In any case, the present invention can be applied as long as it is a light modulation element composed of a laminated body in which a light modulation layer and a protective layer are laminated next to each other. At this time, only one pair of the configurations of the light modulation layer and the protective layer defined in the present invention may be included, or two or more pairs may be included.
In the light modulation element of the present invention, the protective layer may have other functions.

  In addition, those skilled in the art can appropriately modify the laminate of the present invention, the production method of the present invention, or the light modulation element of the present invention according to conventionally known knowledge. Of course, such modifications are also included in the scope of the present invention as long as the laminate of the present invention, the production method of the present invention, or the structure of the light modulation element of the present invention are provided.

EXAMPLES Hereinafter, although an Example is given and this invention is demonstrated more concretely, this invention is not limited to a following example.
(Example 1)
<Preparation of coating liquid (particle dispersion) for light modulation layer>
Nematic liquid crystal (trade name: E7, manufactured by Merck & Co., Inc.) 77.5% by mass, chiral agent 1 (trade name: CB15, manufactured by Merck & Co.) 18.8% by mass, chiral agent 2 (trade name: R1011, Merck & Co., Inc.) A cholesteric liquid crystal which selectively reflects green color light was prepared by mixing 3.7% by mass.

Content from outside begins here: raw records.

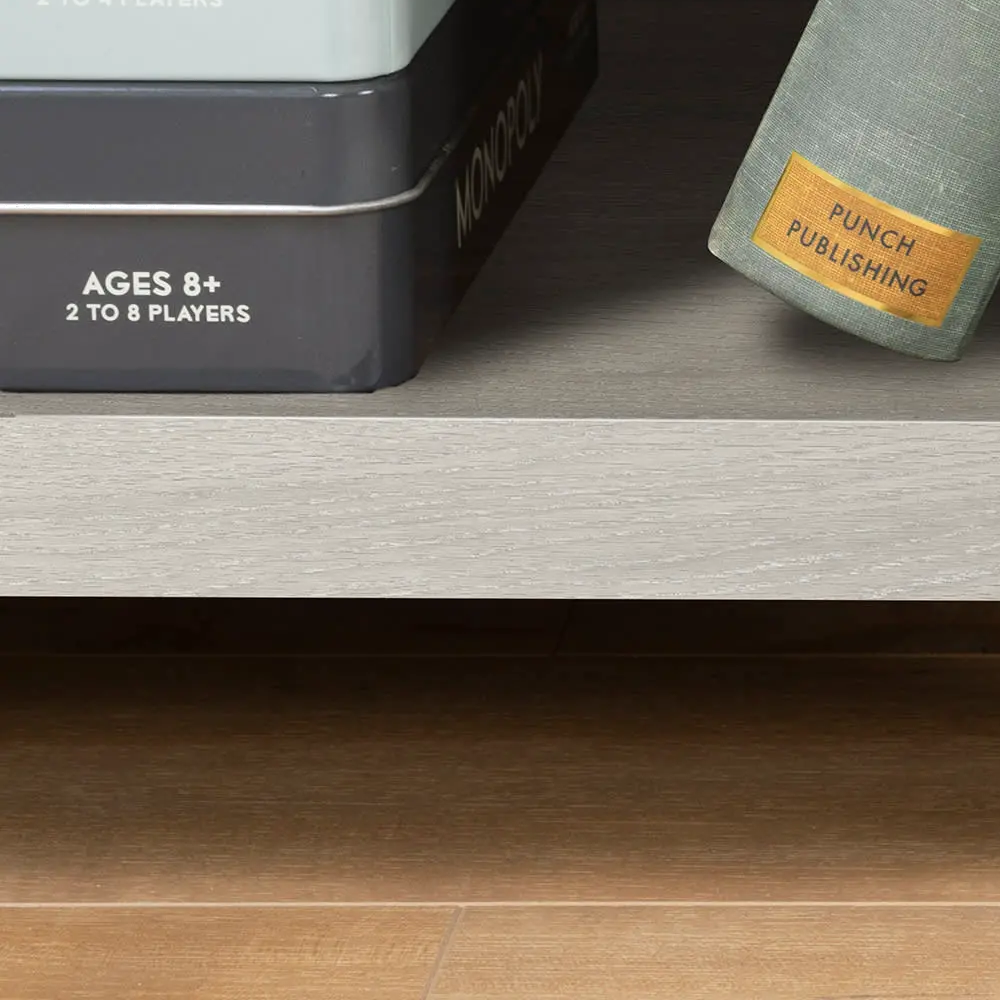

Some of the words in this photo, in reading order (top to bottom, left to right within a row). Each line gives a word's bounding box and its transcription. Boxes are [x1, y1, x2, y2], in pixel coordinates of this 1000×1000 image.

[455, 49, 544, 249] MONOPOLY
[828, 202, 917, 257] PUNCH
[82, 270, 172, 296] AGES
[183, 271, 221, 297] 8+
[786, 219, 928, 297] PUBLISHING
[65, 303, 79, 321] 2
[86, 303, 119, 322] TO
[127, 303, 141, 322] 8
[148, 304, 251, 323] PLAYERS
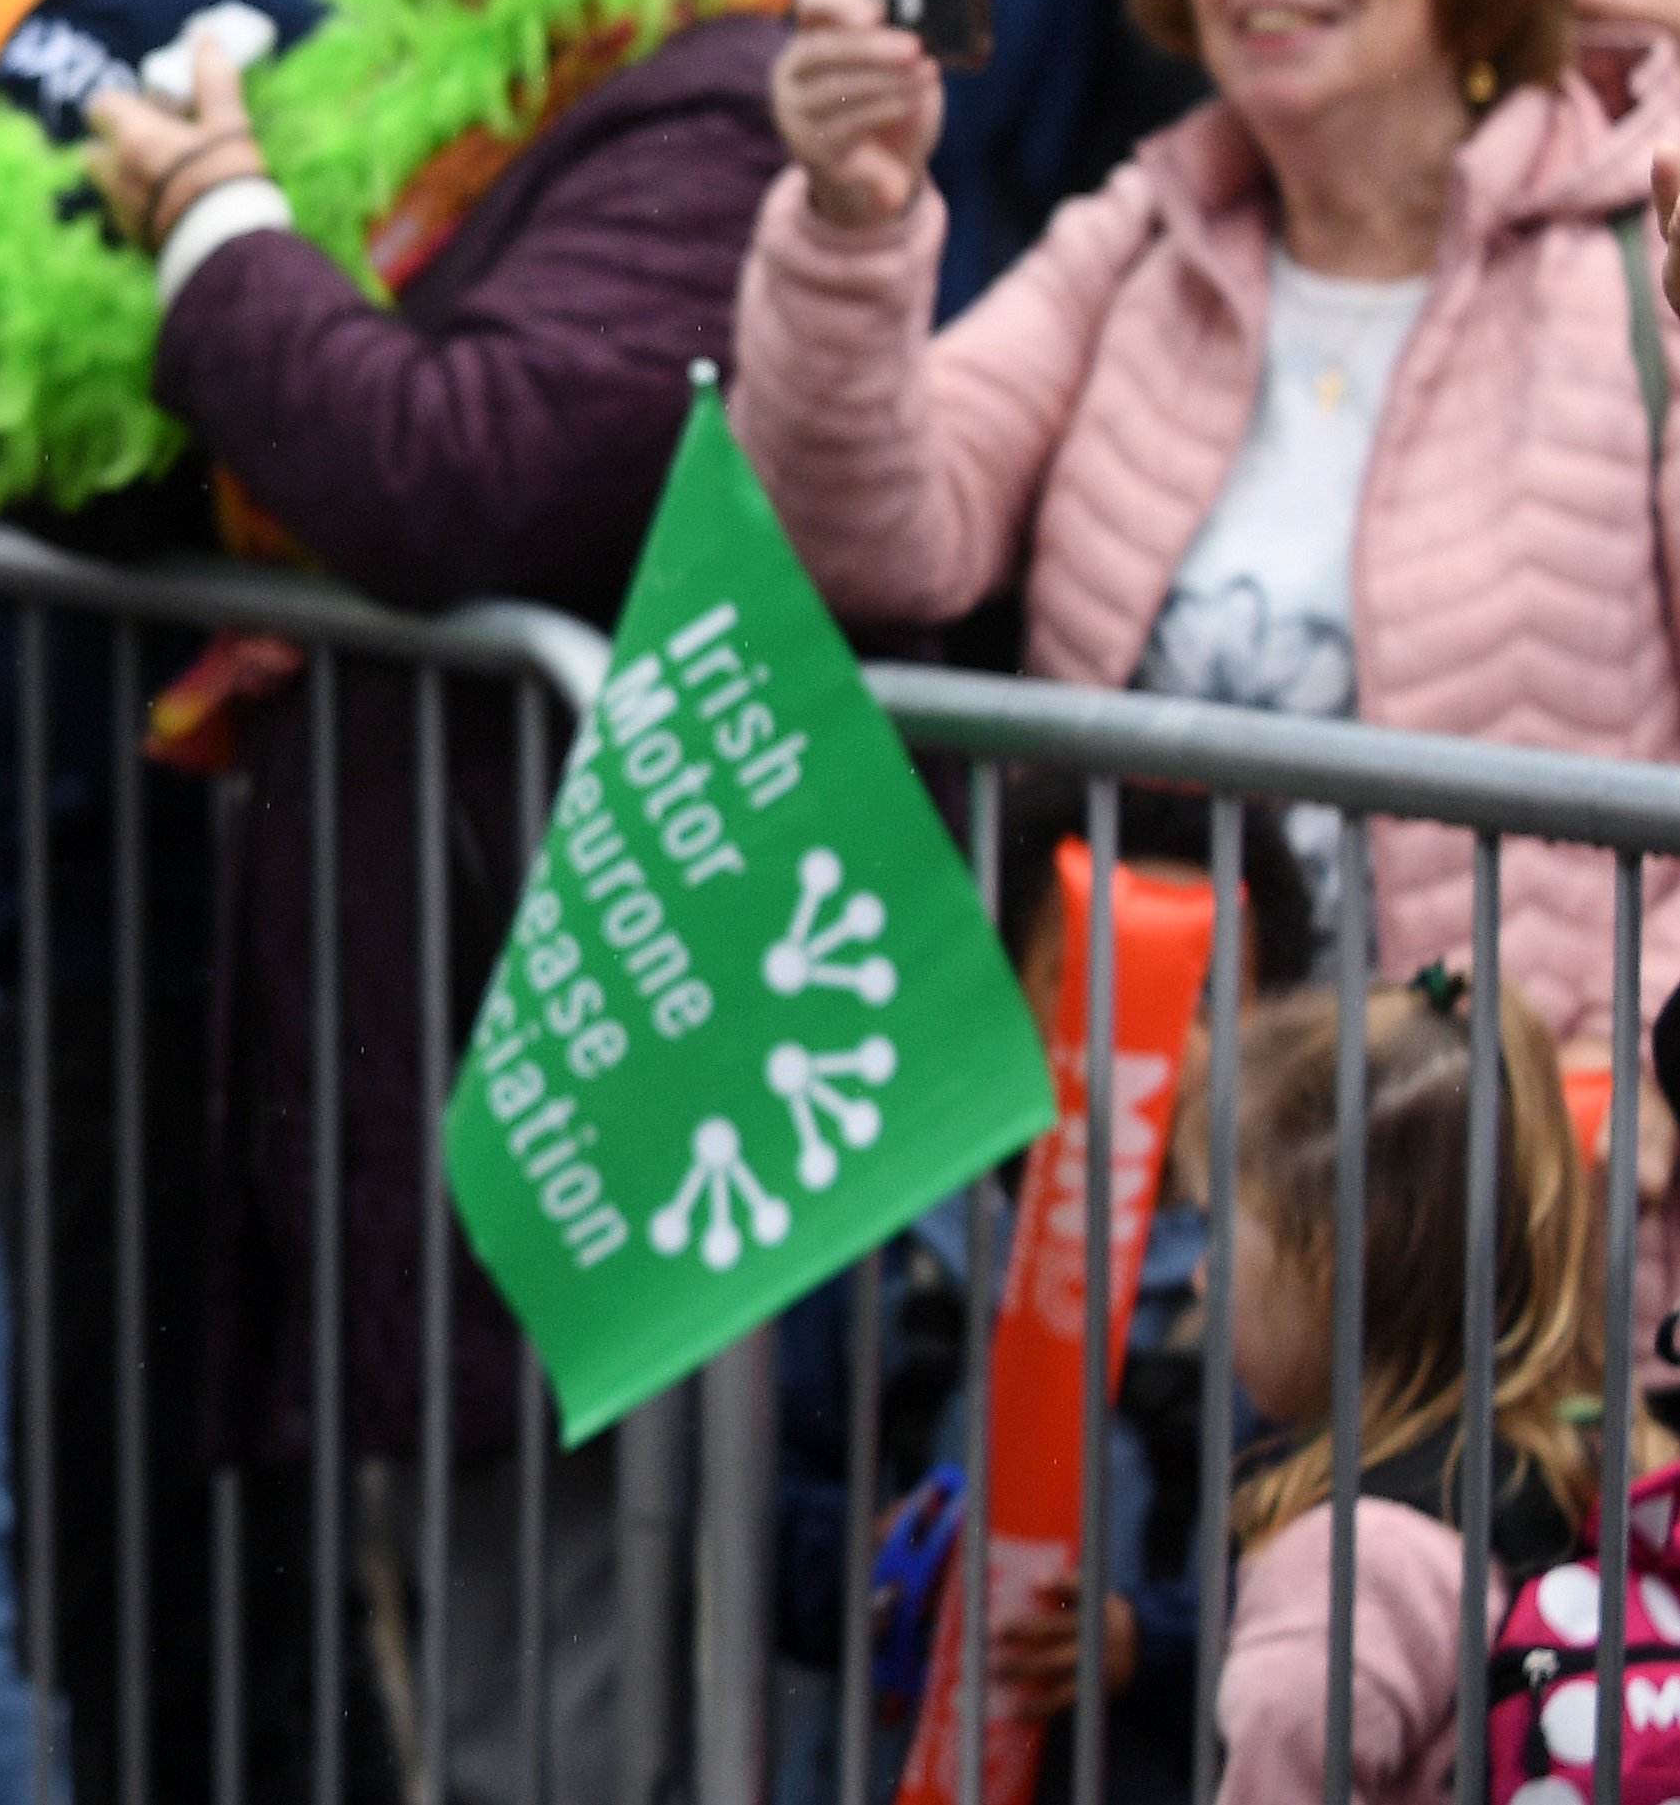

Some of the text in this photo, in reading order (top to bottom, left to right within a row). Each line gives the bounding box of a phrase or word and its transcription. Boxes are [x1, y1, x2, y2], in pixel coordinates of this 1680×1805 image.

[601, 652, 746, 888] Motor
[667, 602, 810, 809] Irish
[557, 724, 715, 1040] eurone

Using a membrane emulsification apparatus (trade name: Microkit, manufactured by SPG Techno Co., Ltd.) in which a ceramic porous membrane having an average pore size of 4.2 μm is set, a nitrogen pressure of about 11.8 kPa (0.12 kgf / cm ² ) Then, 2 g of the cholesteric liquid crystal was emulsified in 100 ml of a 0.25 mass% aqueous sodium dodecylbenzenesulfonate solution to obtain an emulsion.

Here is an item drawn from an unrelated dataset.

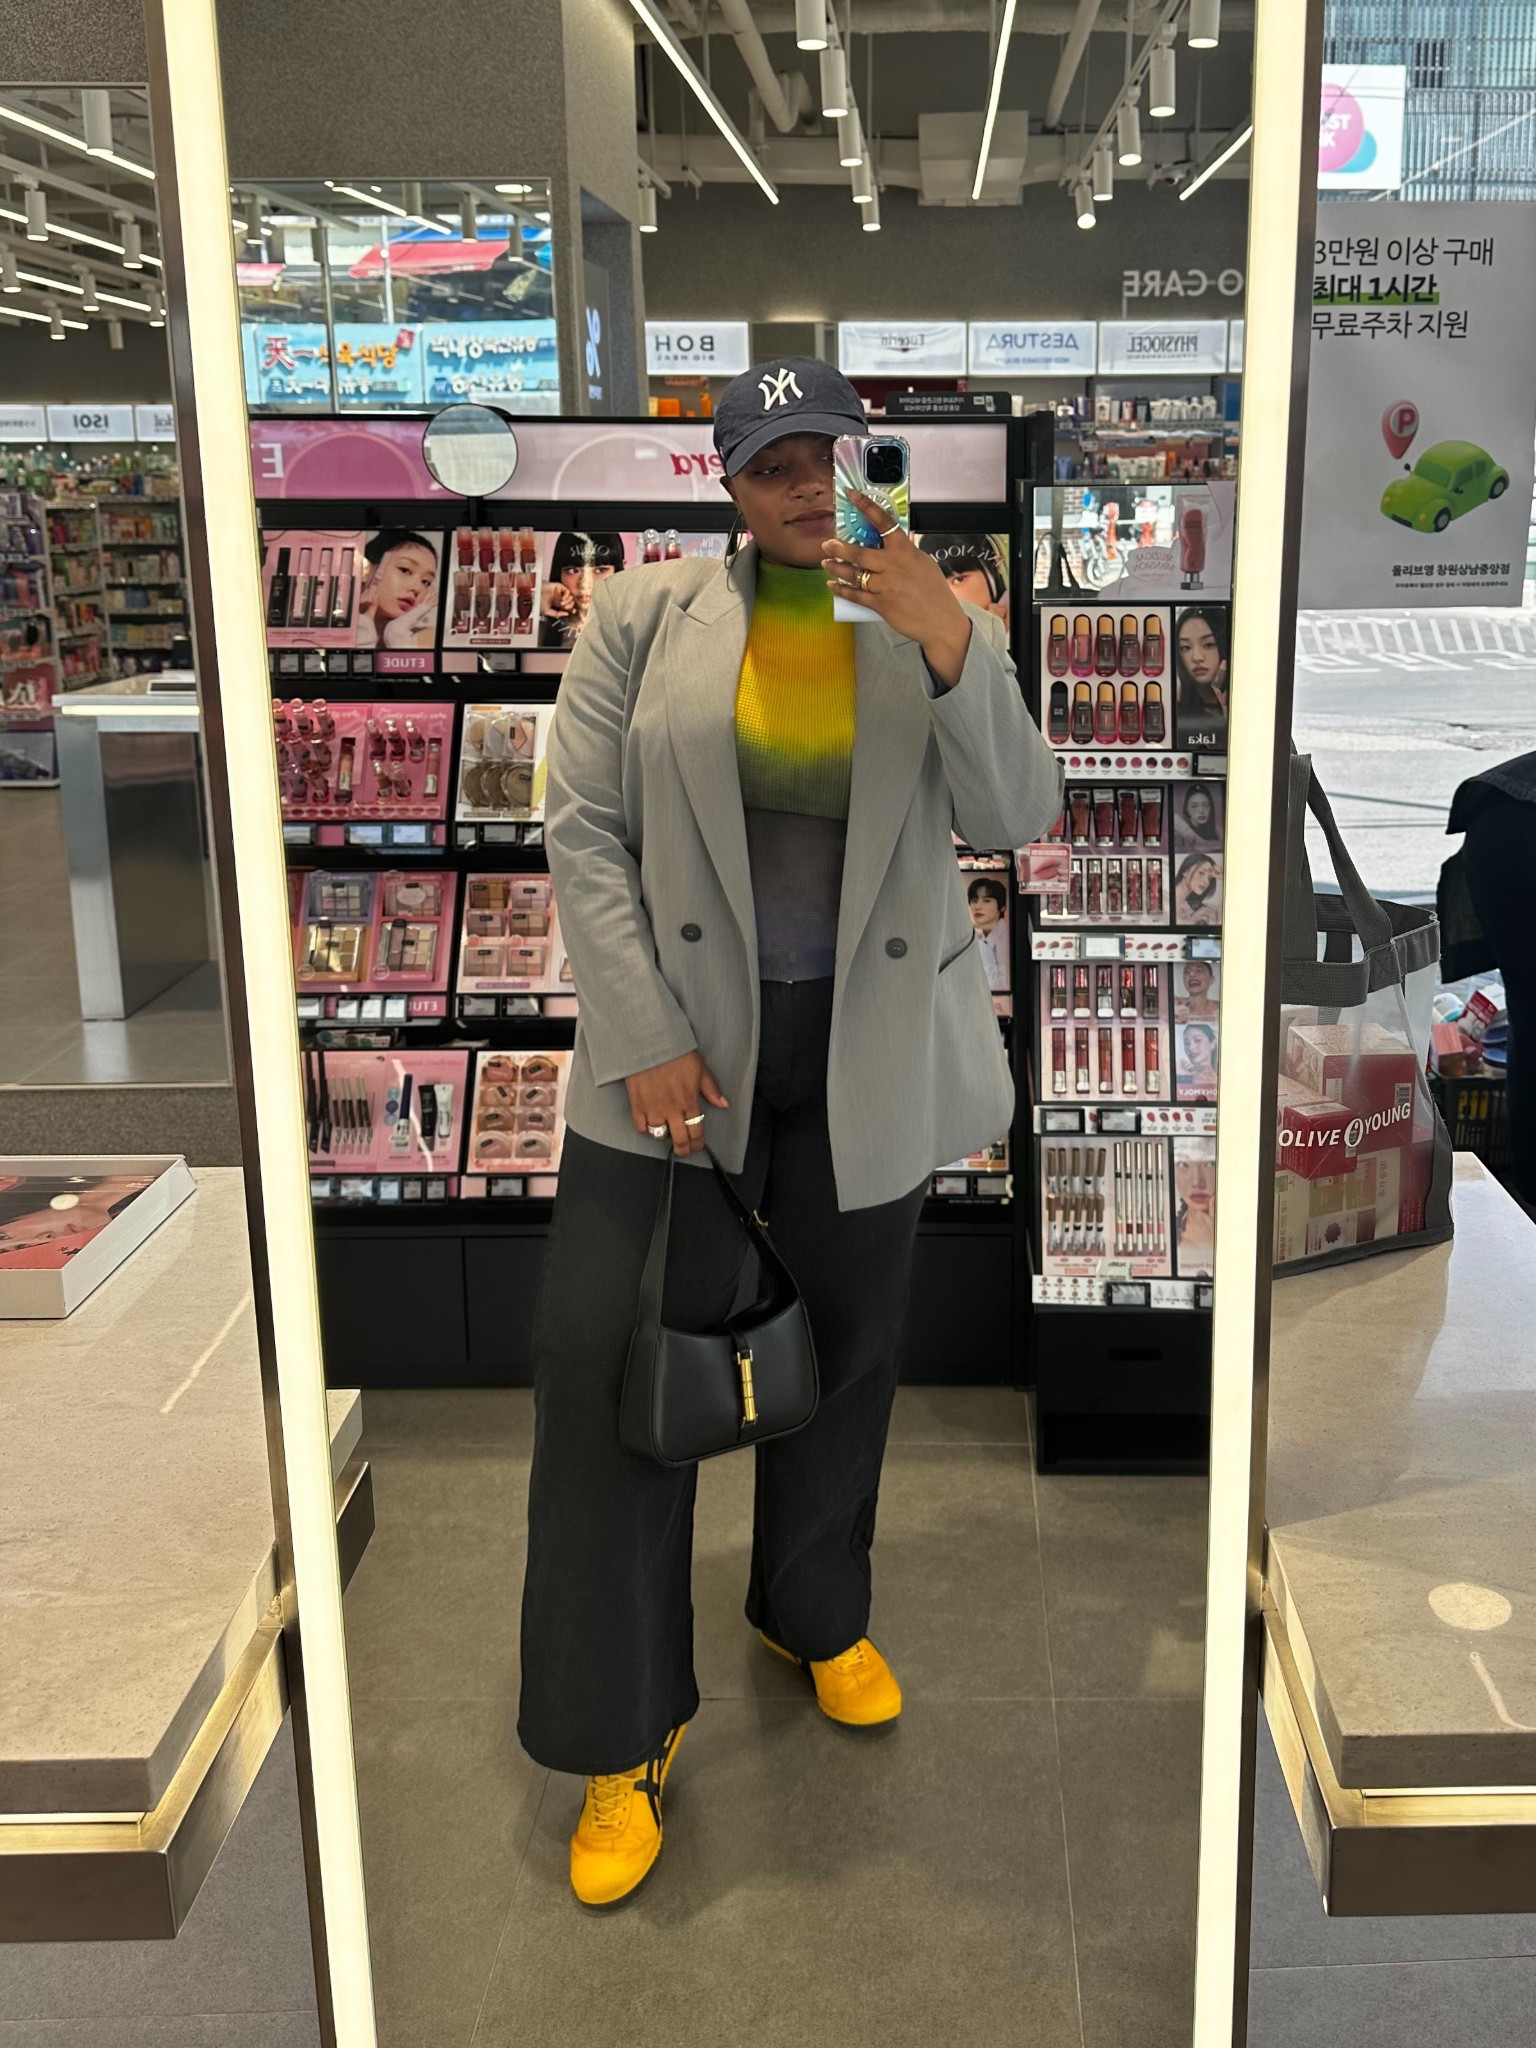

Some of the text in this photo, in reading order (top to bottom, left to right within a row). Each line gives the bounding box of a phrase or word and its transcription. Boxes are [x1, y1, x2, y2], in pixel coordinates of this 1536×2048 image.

  The obtained emulsion was arbitrarily sampled and photographed with a digital microscope (trade name: VHX-200, manufactured by Keyence Corporation), and about 2500 particles photographed were measured for particle size measurement software (trade name: A Image-kun, Asahi Kasei Engineering). The average particle size of cholesteric liquid crystal drops was 14.9 μm in number average, and the standard deviation of particle size was 1.32 μm, which was close to monodispersion.

  Next, the obtained emulsion was allowed to stand to settle the cholesteric liquid crystal drop, and the supernatant was removed to obtain a concentrated emulsion. It was 0.535 when the volume ratio of the cholesteric liquid crystal drop in a concentrated emulsion was measured using the density meter (brand name: DMA35n, Nihon Shibel Hegner company make).

  The ratio AL of the coating area of the liquid crystal drop to the coating area was set to 0.95, and the wet coating thickness was set to 90 μm. Using the average particle diameter (14.9 μm) of the cholesteric liquid crystal drop and the wet coating thickness (90 μm) on the display substrate, the volume ratio of the cholesteric liquid crystal drop (Sr × Lr) was determined to be 0.10 (10% by volume).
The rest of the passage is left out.